BEGIN
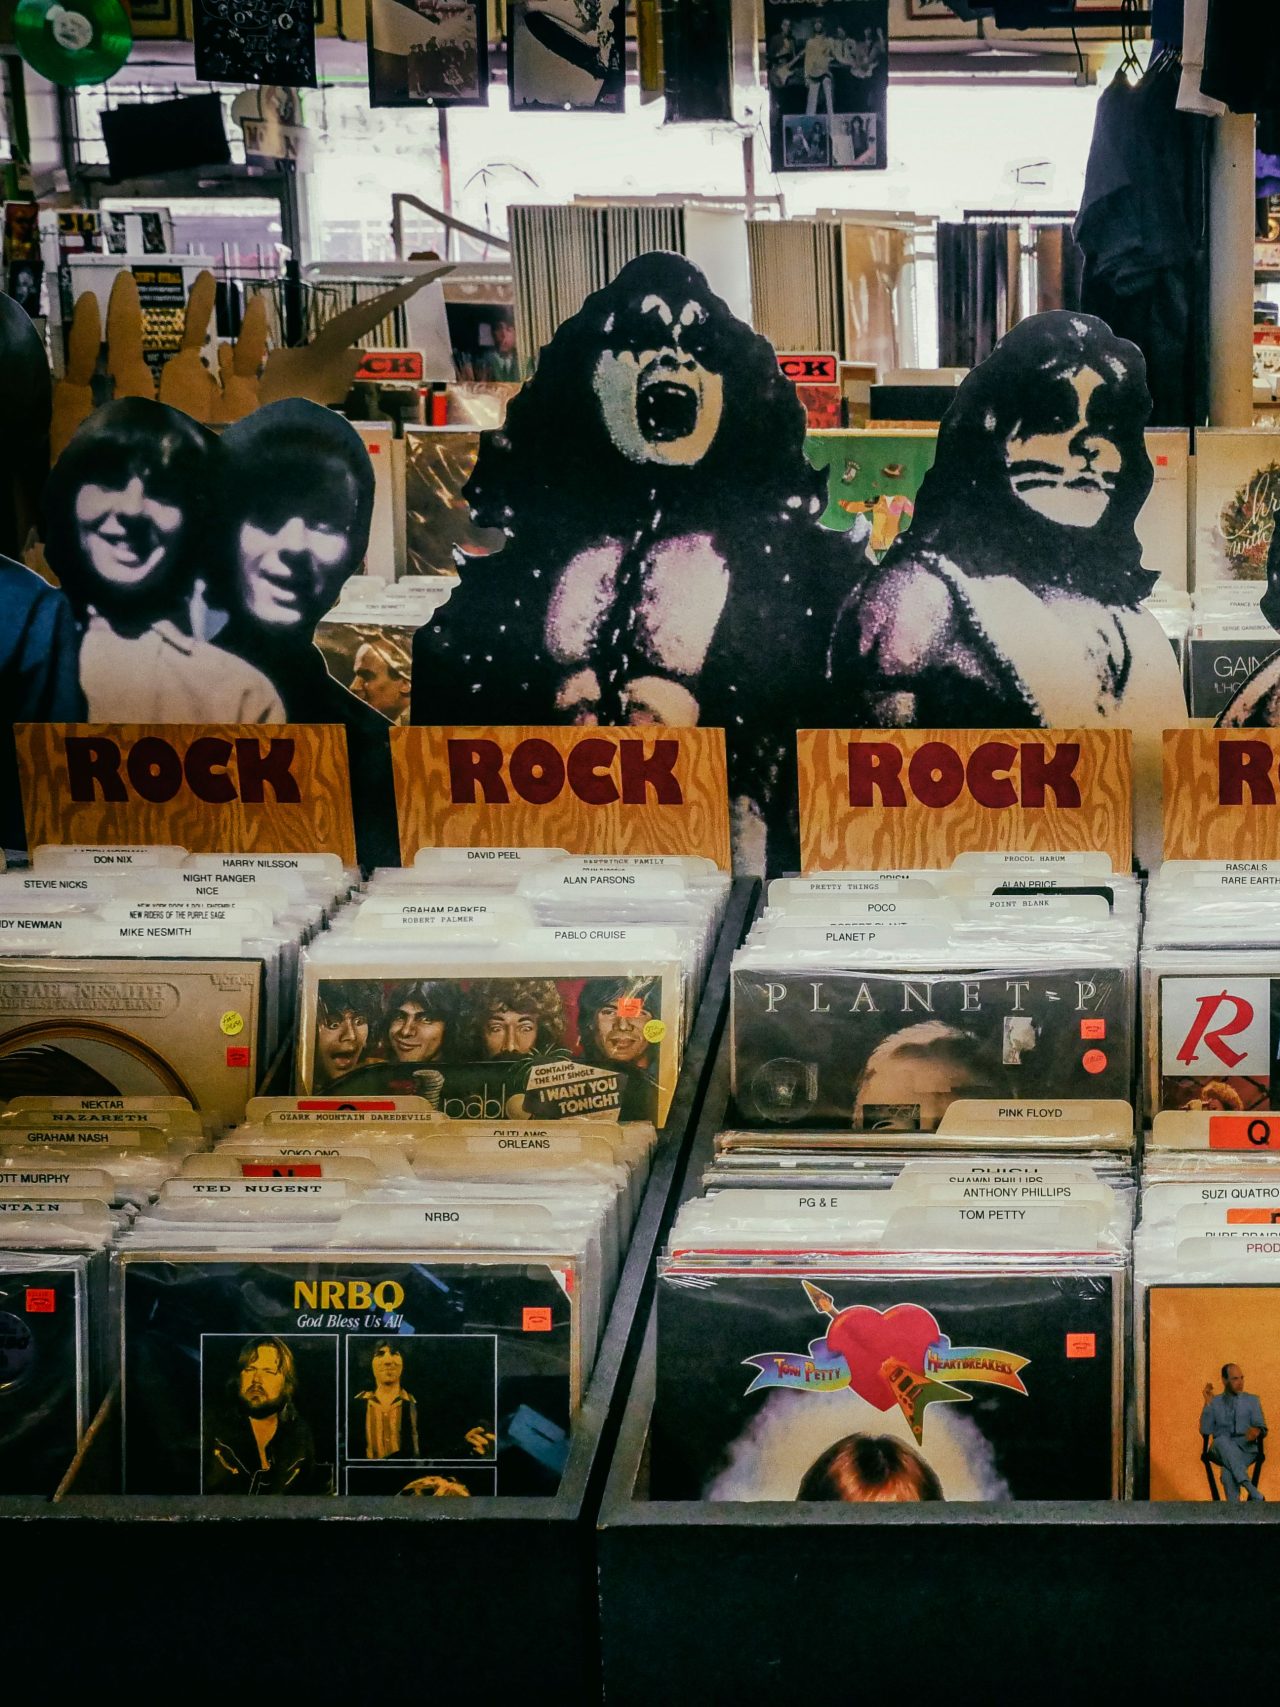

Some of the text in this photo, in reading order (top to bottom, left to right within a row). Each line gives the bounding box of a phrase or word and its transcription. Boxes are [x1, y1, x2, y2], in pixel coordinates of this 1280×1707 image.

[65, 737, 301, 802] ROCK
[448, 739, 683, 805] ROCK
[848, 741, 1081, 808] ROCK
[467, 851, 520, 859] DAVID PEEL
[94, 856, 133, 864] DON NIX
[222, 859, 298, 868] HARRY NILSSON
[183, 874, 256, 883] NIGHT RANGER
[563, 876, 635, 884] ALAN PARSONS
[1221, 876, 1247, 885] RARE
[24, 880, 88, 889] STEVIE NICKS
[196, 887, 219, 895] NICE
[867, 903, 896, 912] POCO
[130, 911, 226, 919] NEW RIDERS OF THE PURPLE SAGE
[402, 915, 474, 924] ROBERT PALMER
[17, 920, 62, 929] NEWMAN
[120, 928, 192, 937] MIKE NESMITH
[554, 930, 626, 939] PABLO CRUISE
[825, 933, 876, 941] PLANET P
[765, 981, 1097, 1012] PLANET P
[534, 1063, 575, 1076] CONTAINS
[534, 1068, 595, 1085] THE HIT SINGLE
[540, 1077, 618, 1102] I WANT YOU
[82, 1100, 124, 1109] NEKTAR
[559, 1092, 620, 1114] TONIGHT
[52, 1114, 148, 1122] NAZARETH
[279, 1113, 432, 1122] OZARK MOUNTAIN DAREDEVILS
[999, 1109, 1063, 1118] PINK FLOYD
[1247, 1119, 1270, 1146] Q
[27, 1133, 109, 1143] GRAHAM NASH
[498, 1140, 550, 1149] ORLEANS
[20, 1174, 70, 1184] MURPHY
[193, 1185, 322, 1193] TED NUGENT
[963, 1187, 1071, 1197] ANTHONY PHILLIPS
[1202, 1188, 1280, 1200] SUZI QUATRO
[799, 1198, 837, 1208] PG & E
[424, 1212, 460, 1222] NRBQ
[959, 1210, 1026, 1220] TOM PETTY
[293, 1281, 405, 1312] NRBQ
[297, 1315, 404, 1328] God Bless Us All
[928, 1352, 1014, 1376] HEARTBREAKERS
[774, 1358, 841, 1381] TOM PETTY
END
• _ACTION ITEM_: A faithful copy of all the lines above is needed, with the pictures omitted.

• _TASK RESPONSE_:
Some of the text in this photo, in reading order (top to bottom, left to right within a row). Each line gives the bounding box of a phrase or word and its transcription. Boxes are [x1, y1, x2, y2], in pixel coordinates of this 1280×1707 image.

[65, 737, 301, 802] ROCK
[448, 739, 683, 805] ROCK
[848, 741, 1081, 808] ROCK
[467, 851, 520, 859] DAVID PEEL
[94, 856, 133, 864] DON NIX
[222, 859, 298, 868] HARRY NILSSON
[183, 874, 256, 883] NIGHT RANGER
[563, 876, 635, 884] ALAN PARSONS
[1221, 876, 1247, 885] RARE
[24, 880, 88, 889] STEVIE NICKS
[196, 887, 219, 895] NICE
[867, 903, 896, 912] POCO
[130, 911, 226, 919] NEW RIDERS OF THE PURPLE SAGE
[402, 915, 474, 924] ROBERT PALMER
[17, 920, 62, 929] NEWMAN
[120, 928, 192, 937] MIKE NESMITH
[554, 930, 626, 939] PABLO CRUISE
[825, 933, 876, 941] PLANET P
[765, 981, 1097, 1012] PLANET P
[534, 1063, 575, 1076] CONTAINS
[534, 1068, 595, 1085] THE HIT SINGLE
[540, 1077, 618, 1102] I WANT YOU
[82, 1100, 124, 1109] NEKTAR
[559, 1092, 620, 1114] TONIGHT
[52, 1114, 148, 1122] NAZARETH
[279, 1113, 432, 1122] OZARK MOUNTAIN DAREDEVILS
[999, 1109, 1063, 1118] PINK FLOYD
[1247, 1119, 1270, 1146] Q
[27, 1133, 109, 1143] GRAHAM NASH
[498, 1140, 550, 1149] ORLEANS
[20, 1174, 70, 1184] MURPHY
[193, 1185, 322, 1193] TED NUGENT
[963, 1187, 1071, 1197] ANTHONY PHILLIPS
[1202, 1188, 1280, 1200] SUZI QUATRO
[799, 1198, 837, 1208] PG & E
[424, 1212, 460, 1222] NRBQ
[959, 1210, 1026, 1220] TOM PETTY
[293, 1281, 405, 1312] NRBQ
[297, 1315, 404, 1328] God Bless Us All
[928, 1352, 1014, 1376] HEARTBREAKERS
[774, 1358, 841, 1381] TOM PETTY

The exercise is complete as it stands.